C’est une conférence de Francis Crick, sorte de pape de la biologie moléculaire anglais, qui le fait vriller vers la science : “Il a fait remarquer que pirater un cerveau humain était tout à fait similaire au hacking d’un ordinateur”. Au journal israélien Haaretz, Moran Cerf raconte :
“Le piratage est une entreprise très sisyphéenne. Vous travaillez pendant des heures et des heures, et la plupart du temps rien n’en ressort. Vous devez être patient et tester toutes les possibilités. C’est la même chose pour la science. Les outils de travail sont également similaires : vous utilisez la programmation, les mathématiques, les statistiques, beaucoup de science exacte.”
Faire du cerveau autre chose qu’une boite noire
Il se passionne très vite pour le cerveau et ses secrets. Moran Cerf se forme à la neuroscience et se lance dans des recherches sur le mécanisme de notre tête, comme le renseigne sa bio TED :
“Ses travaux de recherche empruntent des méthodes aux neurosciences pour comprendre les mécanismes sous-jacents de notre psychologie. (…) Il étudie le comportement, les émotions, la prise de décision et les rêves, en enregistrant directement l’activité de chaque cellule nerveuse en utilisant des électrodes implantées dans le cerveau.”
Son ambition : faire du cerveau autre chose qu’une boite noire. Bien sûr, nombreux sont ceux à avoir plancher sur le sujet avant lui. La différence, c’est que Moran Cerf utilise une technique atypique.
Les neuroscientifiques étudient habituellement le cerveau soit en utilisant des techniques d’imagerie comme l’électroencéphalographie (EEG), soit avec l’imagerie par résonance magnétique fonctionnelle (iRMf). L’Israélien va plus loin en bossant avec le seul labo au monde – Caltech – où les cerveaux sont mappés à l’aide d’électrodes à l’intérieur même du crâne. Si si, dans le cerveau et non plus seulement autour de votre tête.
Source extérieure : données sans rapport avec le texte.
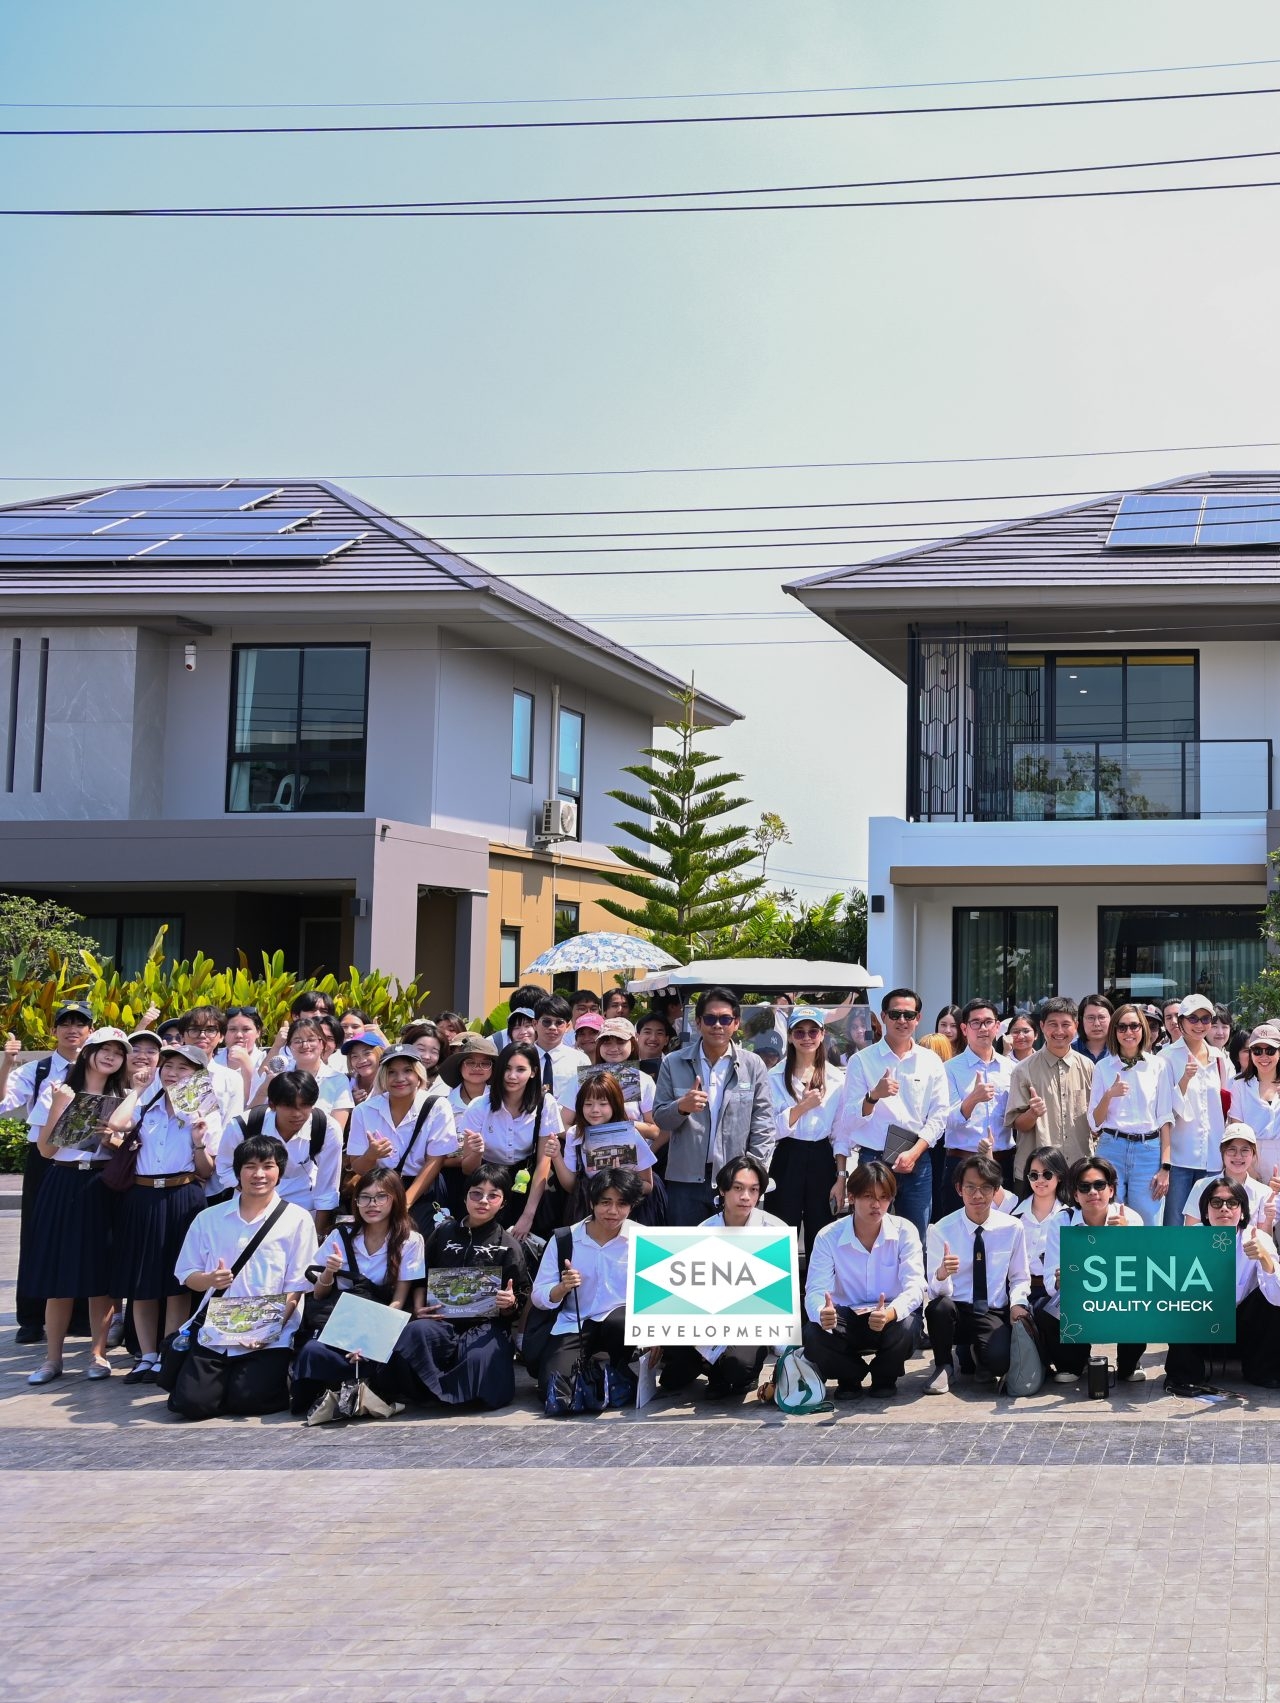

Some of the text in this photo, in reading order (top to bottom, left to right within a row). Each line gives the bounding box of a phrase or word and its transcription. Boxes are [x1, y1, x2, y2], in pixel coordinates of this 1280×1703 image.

[770, 1036, 778, 1045] NY
[669, 1261, 757, 1286] SENA
[1082, 1255, 1214, 1293] SENA
[1082, 1300, 1213, 1312] QUALITY CHECK
[632, 1326, 794, 1338] DEVELOPMENT
On vous avait bien dit qu’il ne faisait jamais rien comme les autres !
Espionner les pensées
Cette technique est bien plus précise mais, bien sûr, ne peut être utilisée que sur des animaux. Qui voudrait se laisser ouvrir le crâne pour qu’y soient placés des électrodes ? Lui a réussi à trouver des volontaires : des patients touchés pas des maladies cérébrales, comme l’épilepsie.
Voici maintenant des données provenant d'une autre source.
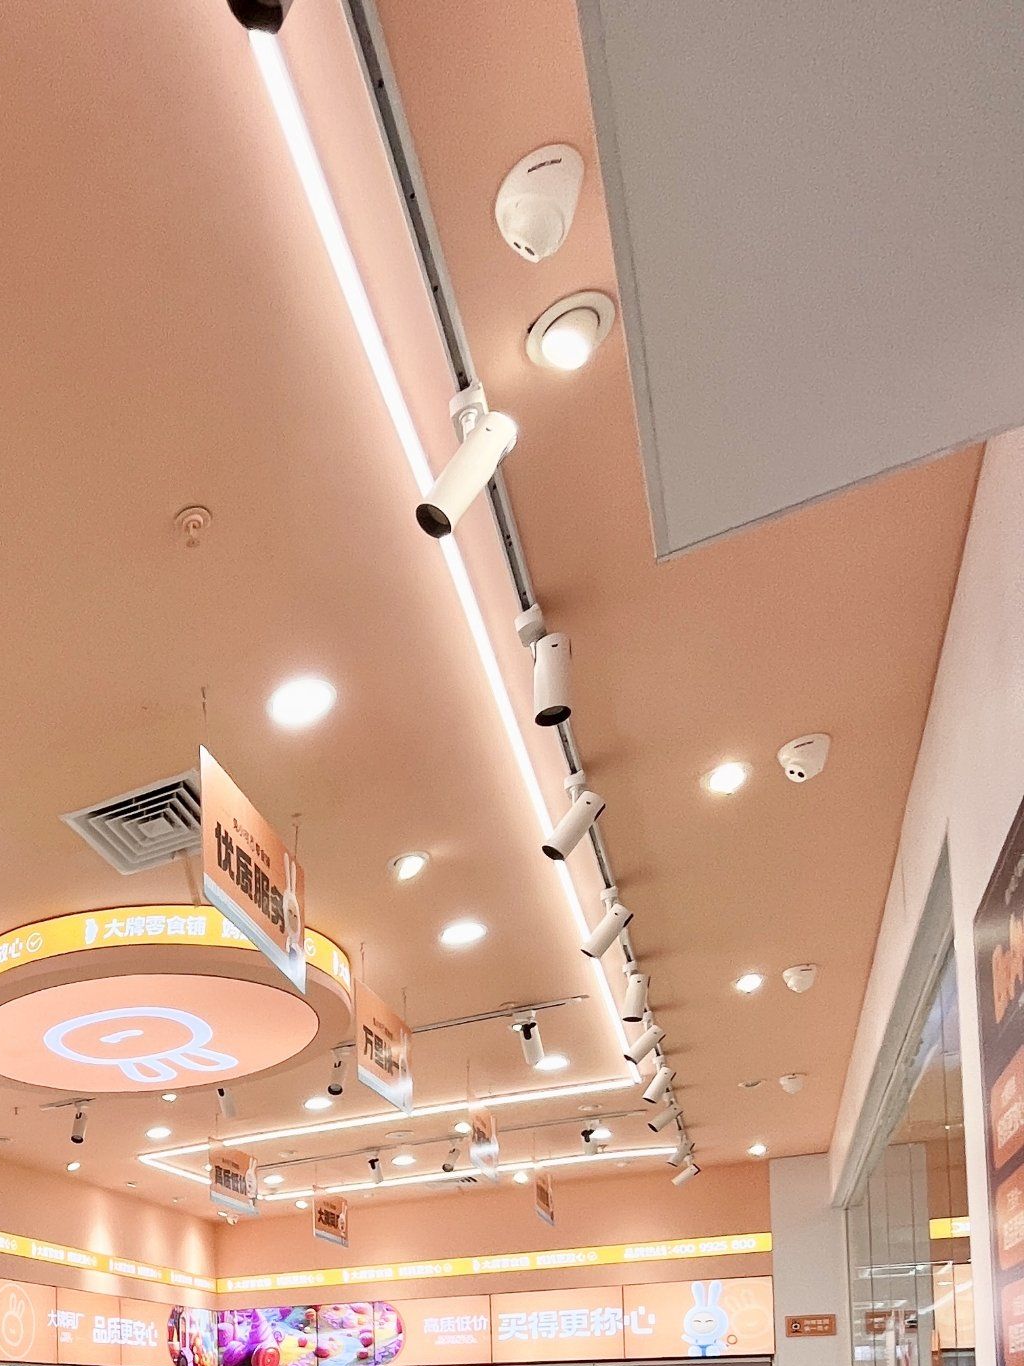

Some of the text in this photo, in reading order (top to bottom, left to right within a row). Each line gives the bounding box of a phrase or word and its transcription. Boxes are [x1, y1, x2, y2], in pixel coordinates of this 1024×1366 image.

[103, 915, 207, 939] 大牌零食铺
[93, 1315, 158, 1347] 品质更安心
[423, 1306, 656, 1341] 高质低价 买得更称心
Il travaille avec les rares scientifiques qui utilisent la technique dans le monde. En cinq années de durs labeurs, l’hurluberlu a fini par percer le mystère de la boite noire et à lire l’activité des neurones. Il peut saisir les sentiments et les zones d’angoisses dans le cerveau – un travail qui prend plusieurs semaines rien que pour cerner une zone d’émotion.
A chaque neurone et zone du cerveau, son émotion ou son souvenir. Le neuroscientifique prend comme exemple la série Les Simpson. Seulement quelques neurones vont réagir à la vue d’Omer Simpson. Une fois que ces neurones sont détectés, les chercheurs sont capables de savoir que vous pensez à Omer. Relier tous les neurones à chaque souvenir est un travail d’orfèvre, mais c’est aussi la certitude qu’il est possible de déchiffrer notre cervelle et surtout nos rêves.
Les recherches du hacker sont loin d’être terminées. Contrairement à ses autres vies, il ne semble plus avoir envie de changement. Le slasheur a trouvé son domaine, où il peut combiner ses différentes casquettes. Il ajoute à l’attention des générations futures :
“N’ayez pas peur de briser les frontières, d’être un hacker, un rebelle, un inadapté et savoir que c’est ok. Se vautrer en sciences est une bonne chose. Nous aurons tous connu des échecs dans la vie à un moment ou à un autre. Des échecs qui sont arrivés en essayant de faire quelque chose pour rendre le monde meilleur.”